### [Supplied information]
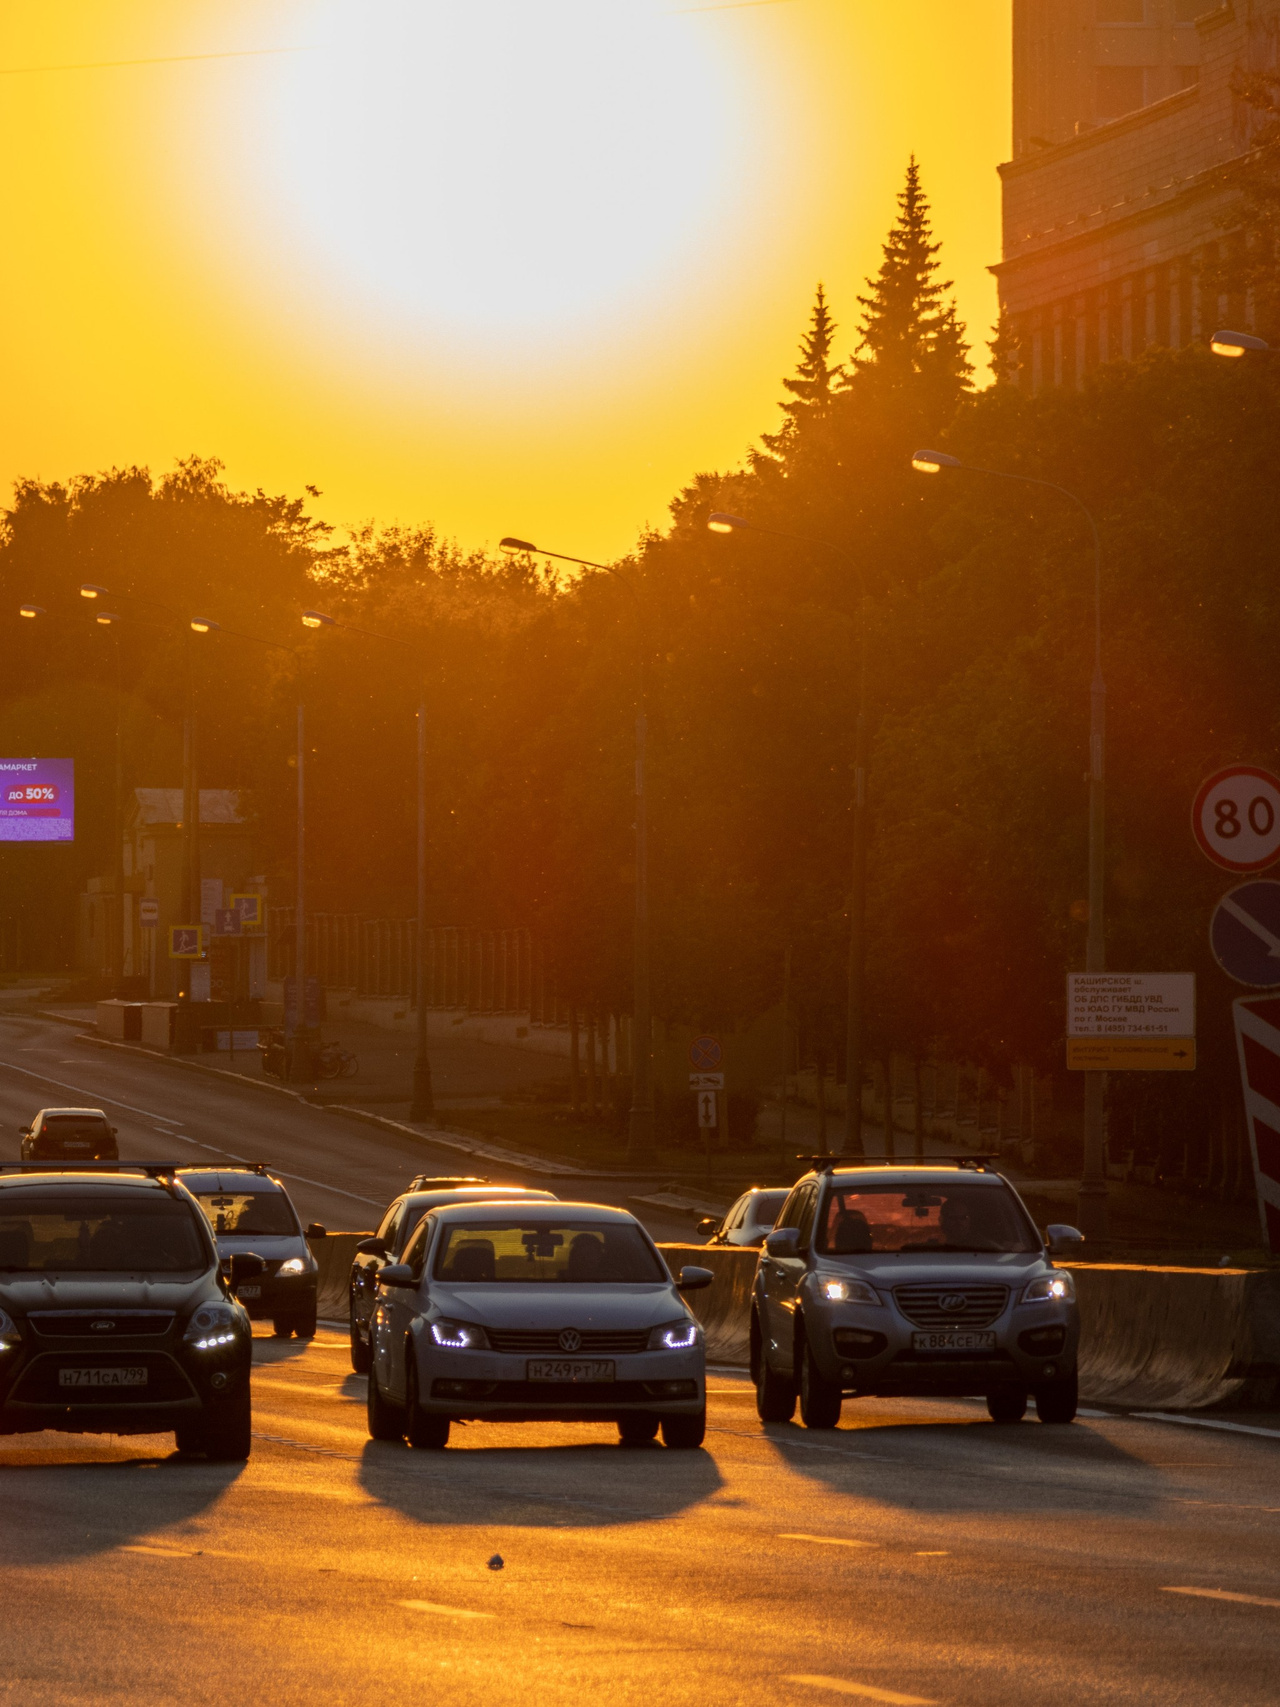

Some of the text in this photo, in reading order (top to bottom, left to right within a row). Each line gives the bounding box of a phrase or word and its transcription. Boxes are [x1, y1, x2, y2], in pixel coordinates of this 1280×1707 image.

[25, 787, 55, 800] 50%
[1214, 795, 1275, 839] 80
[1074, 977, 1132, 985] КАШИРСКОЕ
[1074, 985, 1132, 994] обслуживает
[1074, 995, 1163, 1004] ОБ ДПС ГИБДД УВД
[1087, 1005, 1109, 1013] ЮАО
[1111, 1005, 1123, 1013] ГУ
[1125, 1005, 1145, 1013] МВД
[1147, 1005, 1180, 1013] России
[1095, 1014, 1128, 1022] Москве
[1096, 1024, 1102, 1032] 8
[1104, 1024, 1125, 1033] (495)
[1127, 1024, 1168, 1032] 734-61-51

### [Task brief]
Except for pictures, copy the records above exactly.

### [Solved exercise]
Some of the text in this photo, in reading order (top to bottom, left to right within a row). Each line gives the bounding box of a phrase or word and its transcription. Boxes are [x1, y1, x2, y2], in pixel coordinates of this 1280×1707 image.

[25, 787, 55, 800] 50%
[1214, 795, 1275, 839] 80
[1074, 977, 1132, 985] КАШИРСКОЕ
[1074, 985, 1132, 994] обслуживает
[1074, 995, 1163, 1004] ОБ ДПС ГИБДД УВД
[1087, 1005, 1109, 1013] ЮАО
[1111, 1005, 1123, 1013] ГУ
[1125, 1005, 1145, 1013] МВД
[1147, 1005, 1180, 1013] России
[1095, 1014, 1128, 1022] Москве
[1096, 1024, 1102, 1032] 8
[1104, 1024, 1125, 1033] (495)
[1127, 1024, 1168, 1032] 734-61-51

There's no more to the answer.